Data entries –
◇ ◇ ◇ ◇

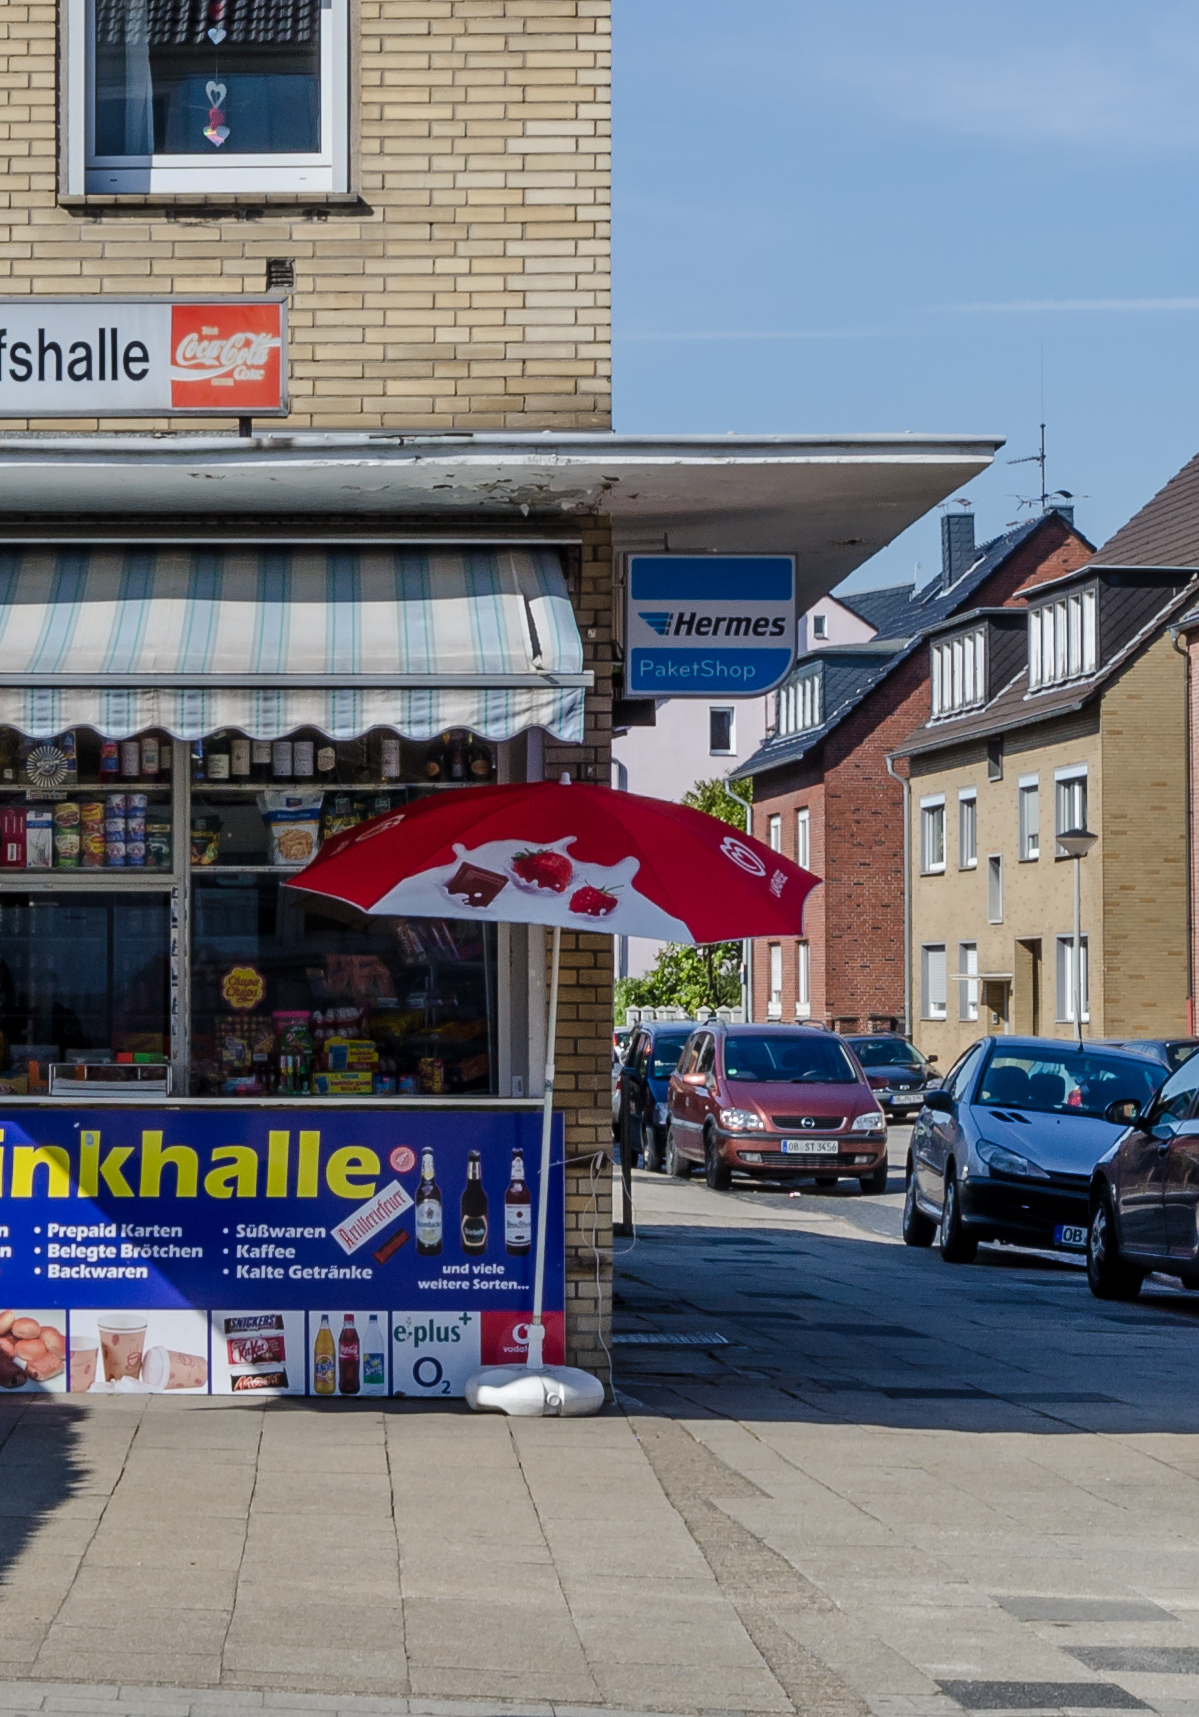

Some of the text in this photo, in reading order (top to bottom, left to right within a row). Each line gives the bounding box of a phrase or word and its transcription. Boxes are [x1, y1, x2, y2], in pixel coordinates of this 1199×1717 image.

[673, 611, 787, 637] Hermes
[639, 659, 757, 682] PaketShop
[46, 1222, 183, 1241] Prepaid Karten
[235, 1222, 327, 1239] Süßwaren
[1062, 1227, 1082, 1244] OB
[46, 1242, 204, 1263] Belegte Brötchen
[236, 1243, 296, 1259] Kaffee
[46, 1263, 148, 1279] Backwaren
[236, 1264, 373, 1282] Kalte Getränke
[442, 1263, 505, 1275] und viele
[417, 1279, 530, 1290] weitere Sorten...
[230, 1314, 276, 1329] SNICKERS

◇ ◇ ◇ ◇

Activity –
If pictures are present, they are dropped, and the entries above are written out word for word.

Answer –
Some of the text in this photo, in reading order (top to bottom, left to right within a row). Each line gives the bounding box of a phrase or word and its transcription. Boxes are [x1, y1, x2, y2], in pixel coordinates of this 1199×1717 image.

[673, 611, 787, 637] Hermes
[639, 659, 757, 682] PaketShop
[46, 1222, 183, 1241] Prepaid Karten
[235, 1222, 327, 1239] Süßwaren
[1062, 1227, 1082, 1244] OB
[46, 1242, 204, 1263] Belegte Brötchen
[236, 1243, 296, 1259] Kaffee
[46, 1263, 148, 1279] Backwaren
[236, 1264, 373, 1282] Kalte Getränke
[442, 1263, 505, 1275] und viele
[417, 1279, 530, 1290] weitere Sorten...
[230, 1314, 276, 1329] SNICKERS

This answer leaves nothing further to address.